■ **Provided data**
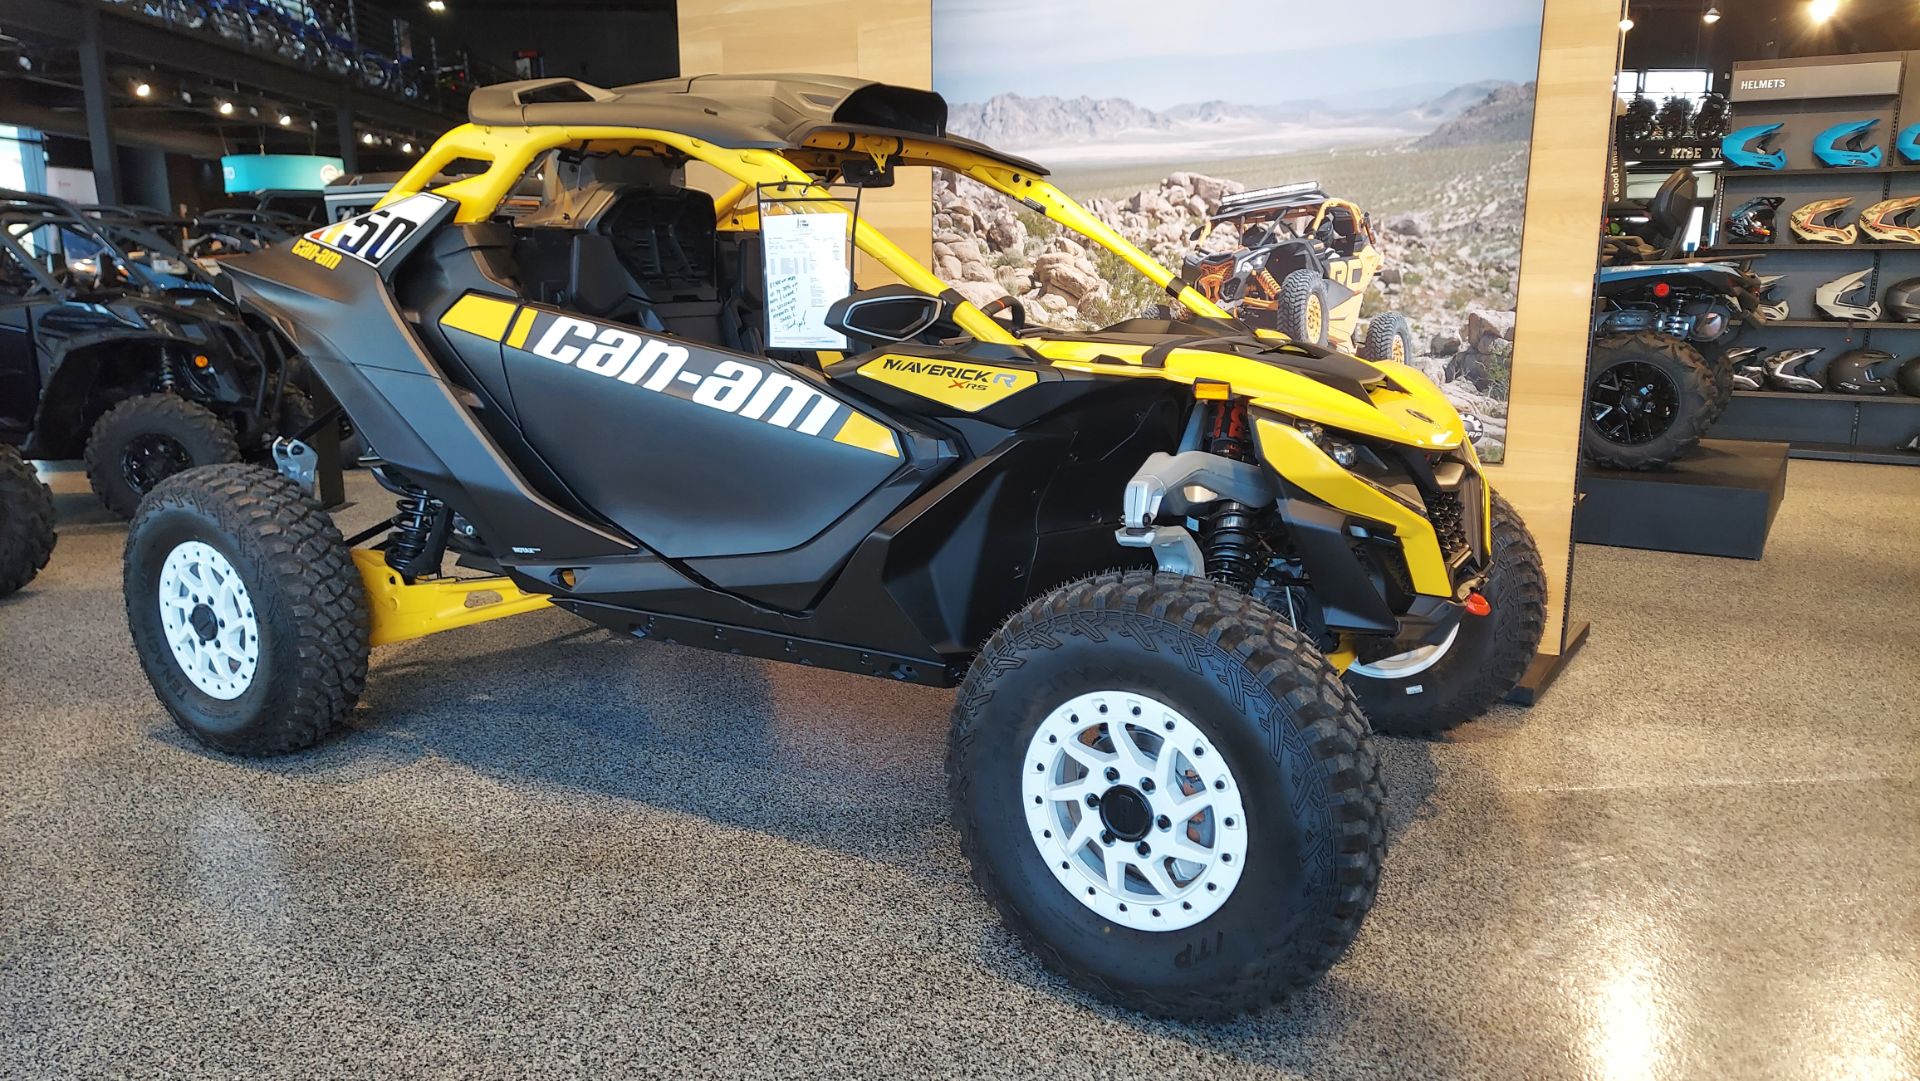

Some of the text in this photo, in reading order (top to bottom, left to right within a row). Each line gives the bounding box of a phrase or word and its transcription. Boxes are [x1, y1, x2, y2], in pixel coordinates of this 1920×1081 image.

[1741, 78, 1786, 90] HELMETS
[338, 210, 418, 264] 50
[291, 238, 343, 270] can-am
[532, 315, 841, 436] can-am
[883, 358, 994, 383] MAVERICK
[948, 379, 989, 391] XRS
[1174, 929, 1224, 969] ITP
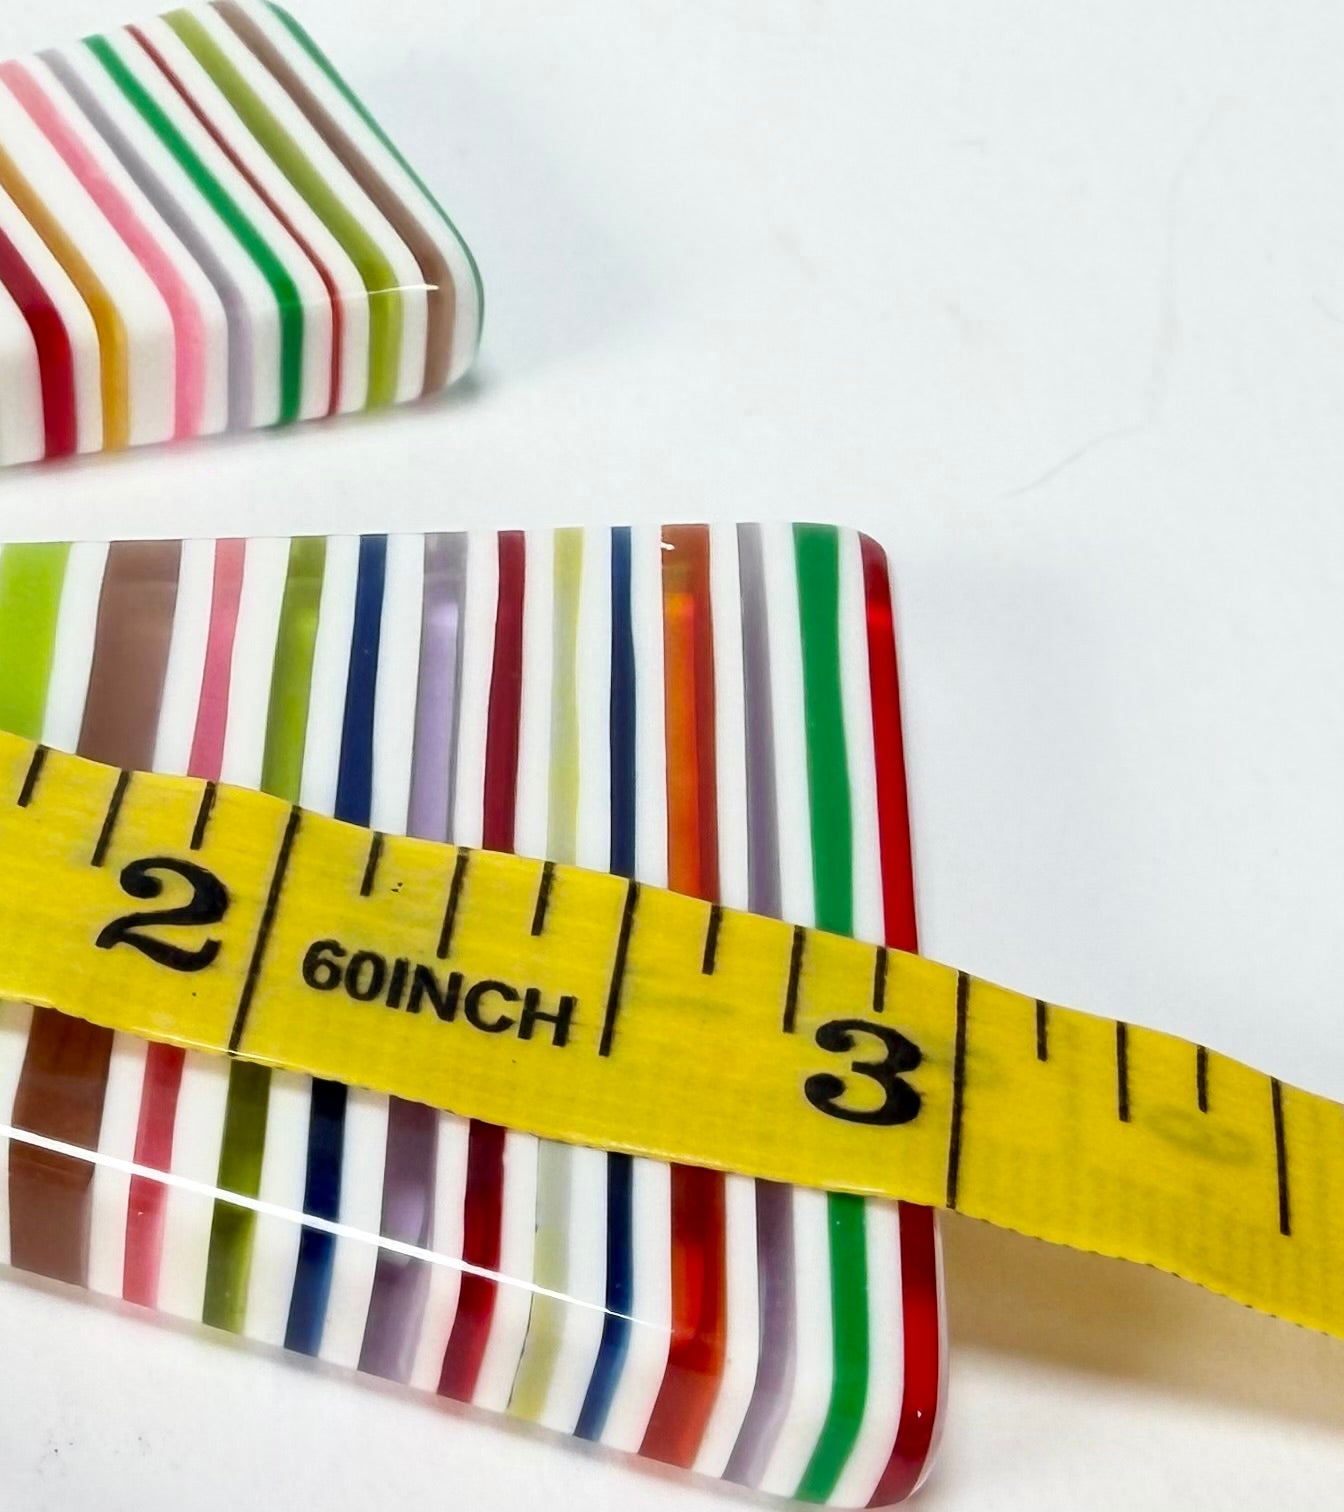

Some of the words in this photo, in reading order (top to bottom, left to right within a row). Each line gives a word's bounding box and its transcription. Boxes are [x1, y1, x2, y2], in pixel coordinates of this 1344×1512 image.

[94, 855, 233, 974] 2
[301, 938, 578, 1048] 60INCH
[803, 1018, 928, 1128] 3
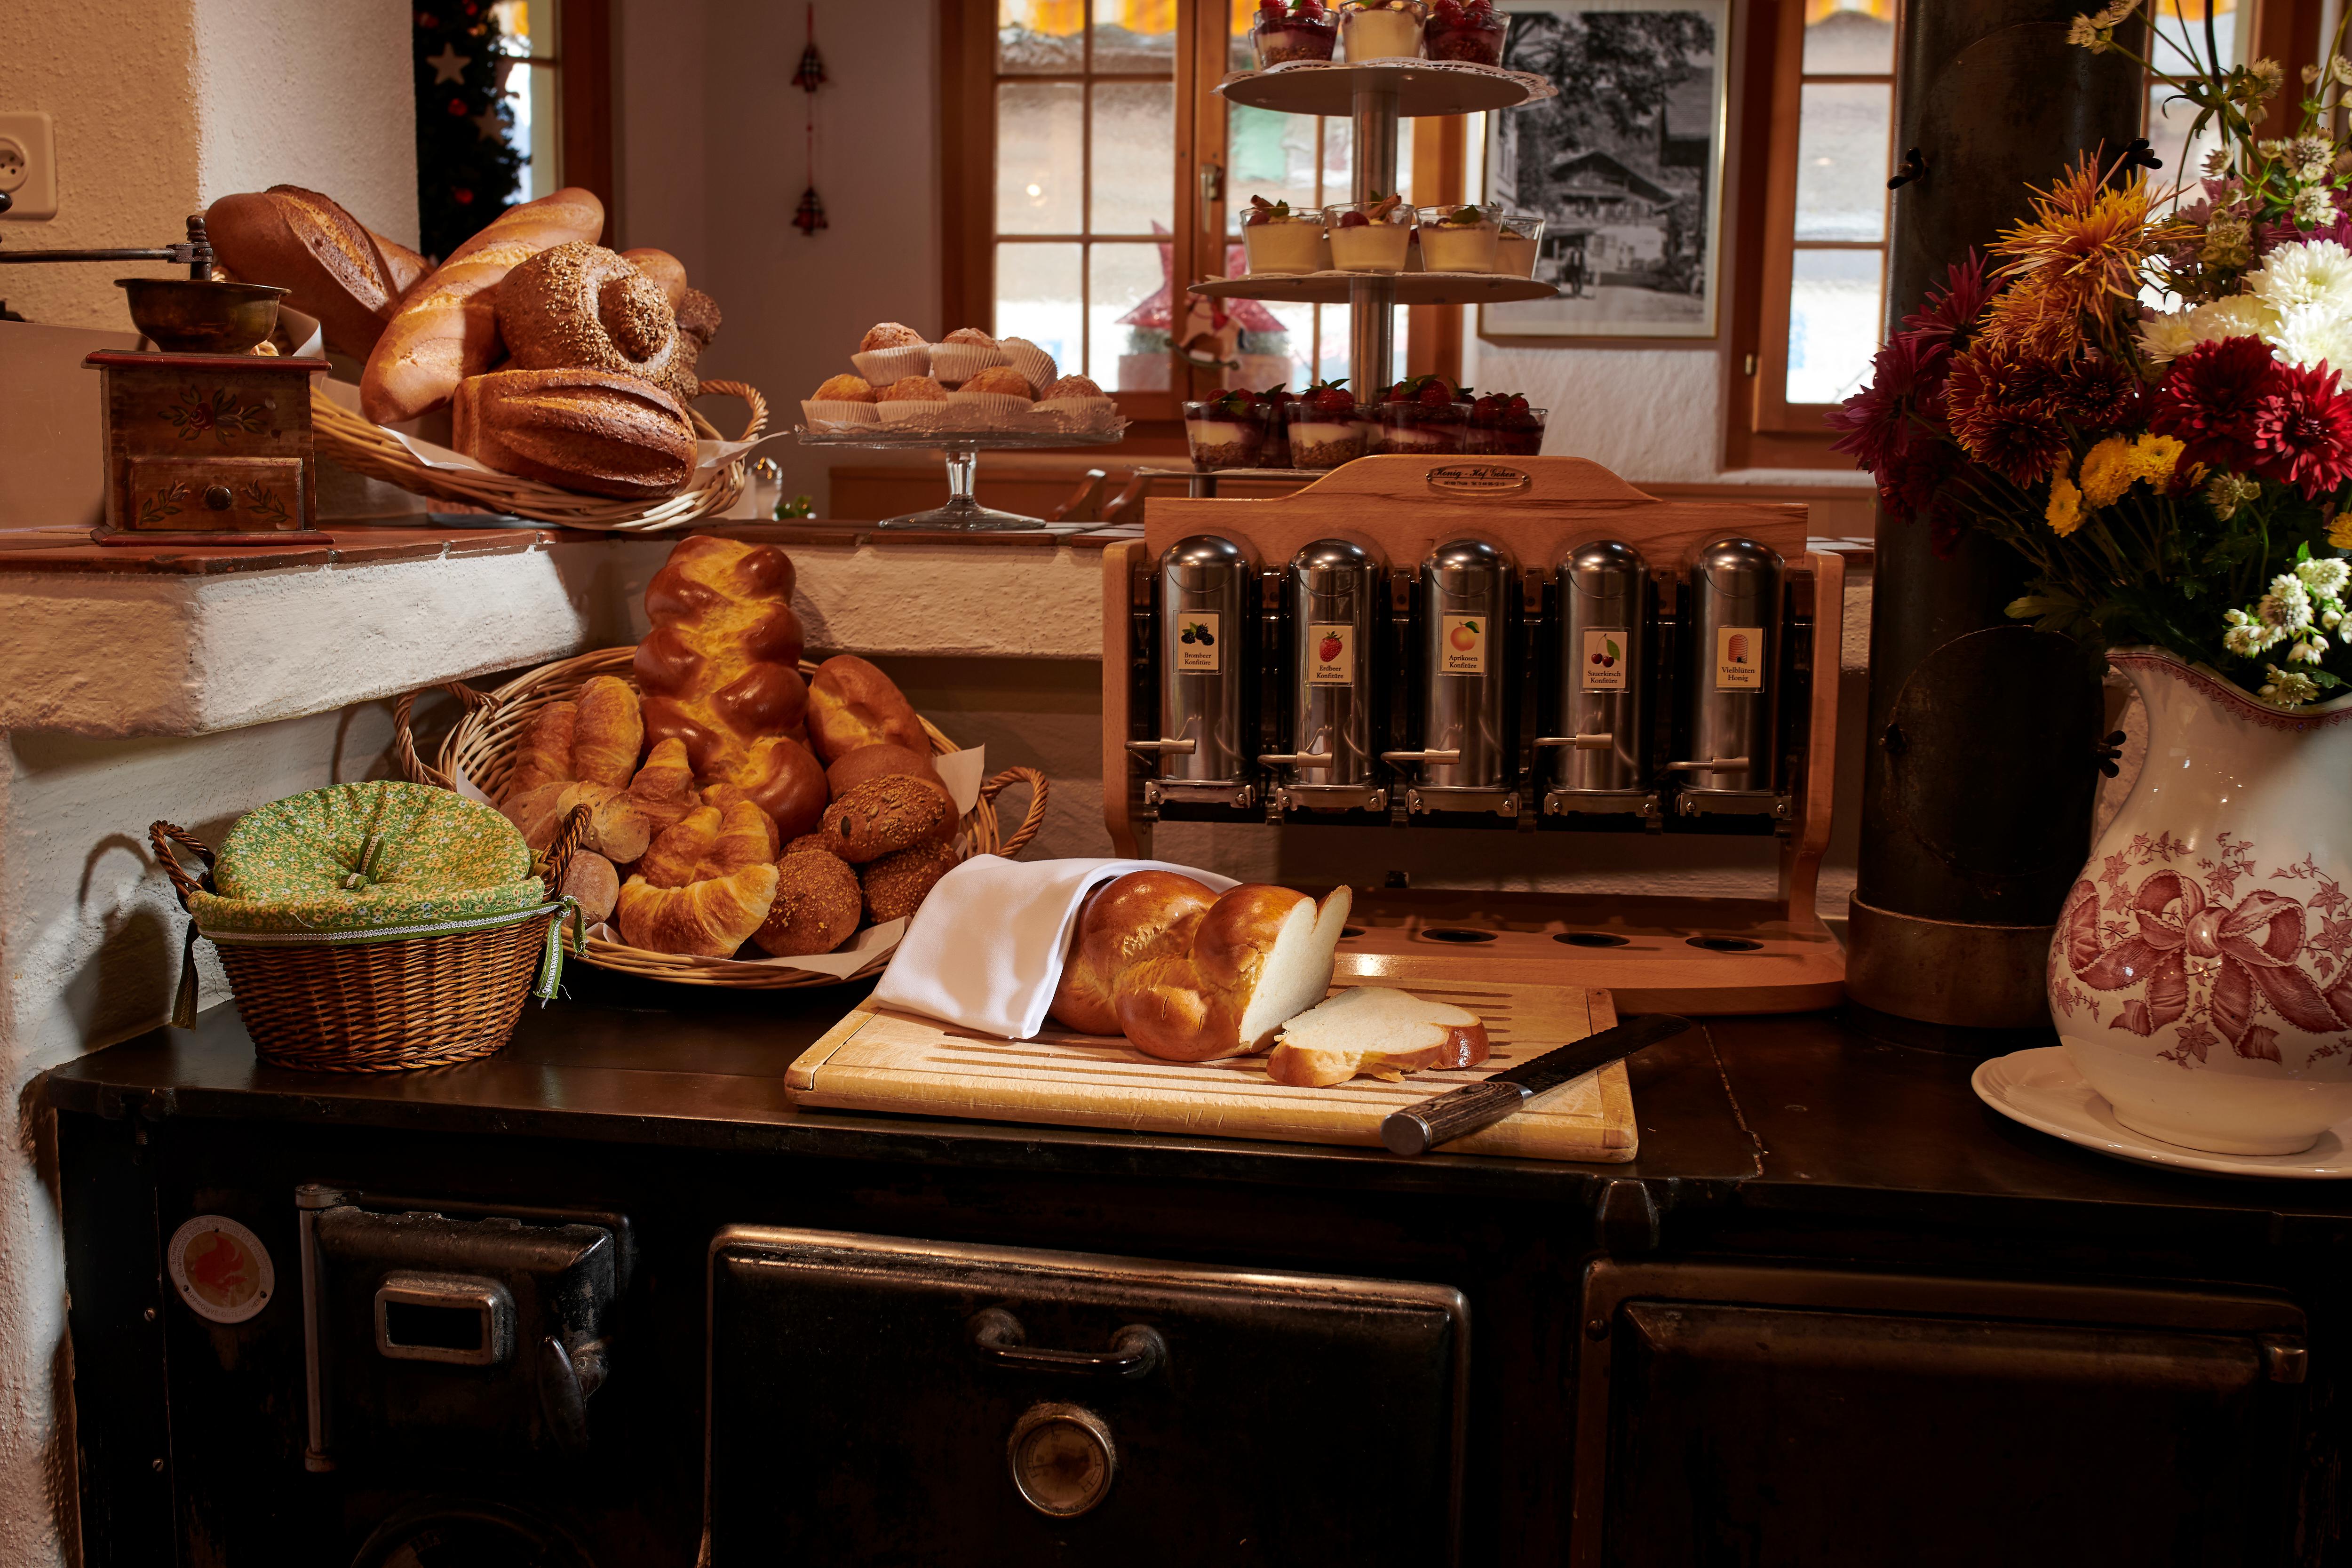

■ **Task item**
Output the entries above exactly. Drop the pictures.

■ **Response area**
Some of the text in this photo, in reading order (top to bottom, left to right within a row). Each line gives the bounding box of a phrase or word and its transcription. Boxes are [x1, y1, x2, y2], in pixel coordinates of this 1920×1081 image.

[1741, 78, 1786, 90] HELMETS
[338, 210, 418, 264] 50
[291, 238, 343, 270] can-am
[532, 315, 841, 436] can-am
[883, 358, 994, 383] MAVERICK
[948, 379, 989, 391] XRS
[1174, 929, 1224, 969] ITP

Some of the words in this photo, in reading order (top to bottom, left to right within a row). Each line gives a word's bounding box and its transcription. Boxes are [x1, y1, x2, y2], in pixel coordinates of this 1344×1512 image.

[94, 855, 233, 974] 2
[301, 938, 578, 1048] 60INCH
[803, 1018, 928, 1128] 3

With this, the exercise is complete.